Al aplicar esta técnica todavía vendrá a perturbarnos el hecho de que el enfermo a menudo se interrumpe, se atasca y asevera que no sabe decir nada, no se le ocurre absolutamente nada. Si así fuera y él estuviese en lo cierto, otra vez nuestro procedimiento resultaría insuficiente. Pero una observación más fina muestra que esa denegación de las ocurrencias en verdad no sobreviene nunca. Su apariencia se produce sólo porque el enfermo, bajo el influjo de las resistencias, que se disfrazan en la forma de diversos juicios críticos acerca del valor de la ocurrencia, se reserva o hace a un lado la ocurrencia percibida. El modo de protegerse de ello es prever esa conducta y pedirle que no haga caso de esa crítica. Bajo total renuncia a semejante selección crítica, debe decir todo lo que se le pase por la cabeza, aunque lo considere incorrecto, que no viene al caso o disparatado, y con mayor razón todavía si le resulta desagradable ocupar su pensamiento en esa ocurrencia. Por medio de su obediencia a ese precepto nos aseguramos el material que habrá de ponernos sobre la pista de los complejos reprimidos.

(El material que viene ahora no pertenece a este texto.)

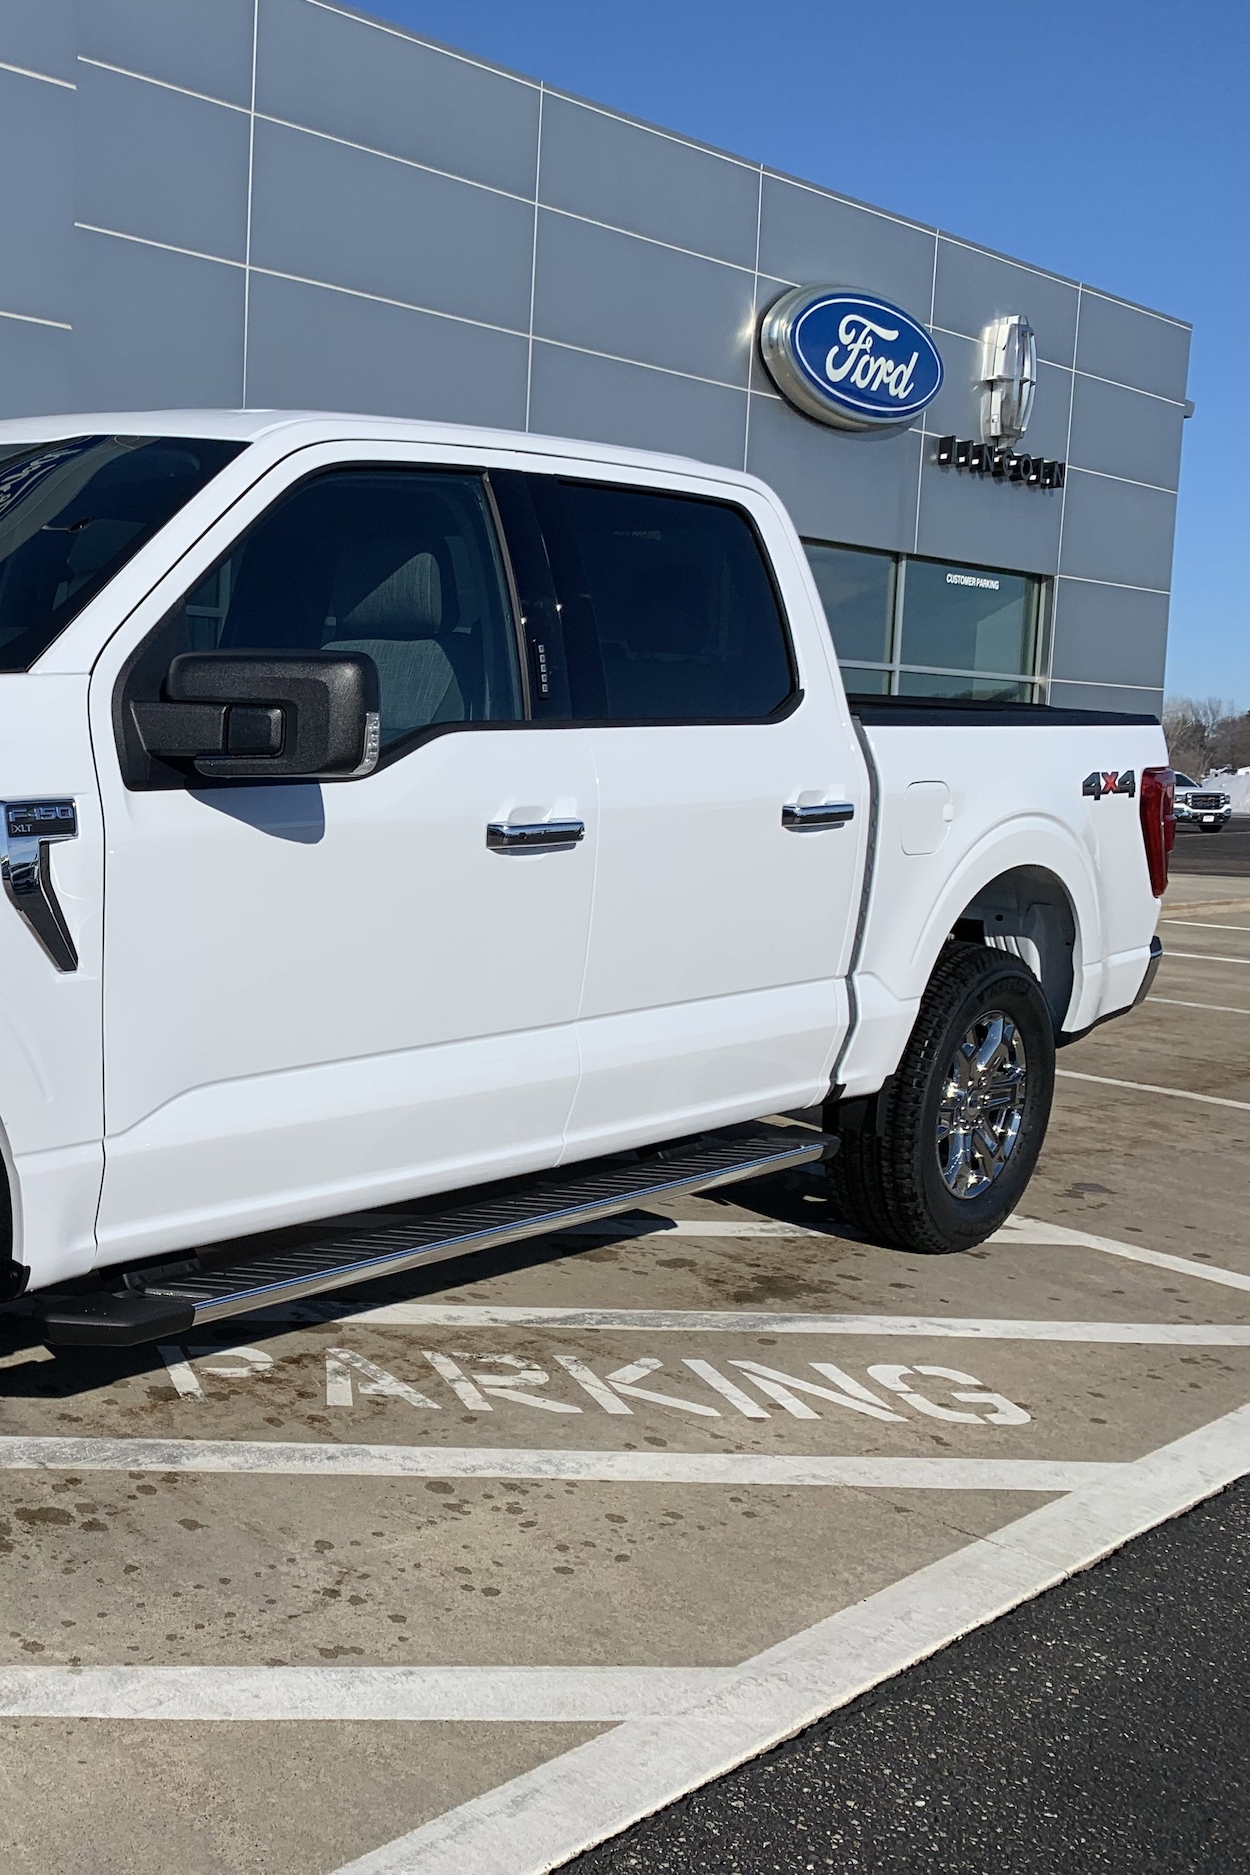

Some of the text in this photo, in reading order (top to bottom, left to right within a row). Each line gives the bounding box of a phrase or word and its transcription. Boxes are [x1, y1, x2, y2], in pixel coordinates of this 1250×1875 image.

Este material de ocurrencias que el enfermo arroja de sí con menosprecio cuando en lugar de encontrarse influido por el médico lo está por la resistencia constituye para el psicoanalista, por así decir, el mineral en bruto del que extraerá el valioso metal con el auxilio de sencillas artes interpretativas. Si ustedes quieren procurarse una noticia rápida y provisional de los complejos reprimidos de cierto enfermo, sin internarse todavía en su ordenamiento y enlace, pueden examinarlo mediante el experimento de la asociación, tal como lo han desarrollado Jung y sus discípulos. Este procedimiento presta al psicoanalista tantos servicios como al químico el análisis cualitativo; es omisible en la terapia de enfermos neuróticos, pero indispensable para la mostración objetiva de los complejos y en la indagación de las psicosis, que la escuela de Zurich ha abordado con éxito.

La elaboración de las ocurrencias que se ofrecen al paciente cuando se somete a la regla psicoanalítica fundamental no es el único de nuestros recursos técnicos para descubrir lo inconciente. Para el mismo fin sirven otros dos procedimientos: la interpretación de sus sueños y la apreciación de sus acciones fallidas y casuales.

Les confieso mis estimados oyentes, que consideré mucho tiempo si antes que darles este sucinto panorama de todo el campo del psicoanálisis no era preferible ofrecerles la exposición detallada de la interpretación de los sueños. Un motivo puramente subjetivo y en apariencia secundario me disuadió de esto último. Me pareció casi escandaloso presentarme en este país, consagrado a metas prácticas, como un «intérprete de sueños» antes que ustedes conocieran el valor que puede reclamar para sí este anticuado y escarnecido arte. La interpretación de los sueños es en realidad la vía regia para el conocimiento de lo inconciente, el fundamento más seguro del psicoanálisis y el ámbito en el cual todo trabajador debe obtener su convencimiento y su formación. Cuando me preguntan cómo puede uno hacerse psicoanalista, respondo: por el estudio de sus propios sueños. Con certero tacto todos los oponentes del psicoanálisis han esquivado hastá ahora examinar La interpretación de los sueños o han pretendido pasarla por alto con las más insulsas objeciones. Si, por lo contrario, son ustedes capaces de aceptar las soluciones de los problemas de la vida onírica, las novedades que el psicoanálisis propone a su pensamiento ya no les depararán dificultad alguna.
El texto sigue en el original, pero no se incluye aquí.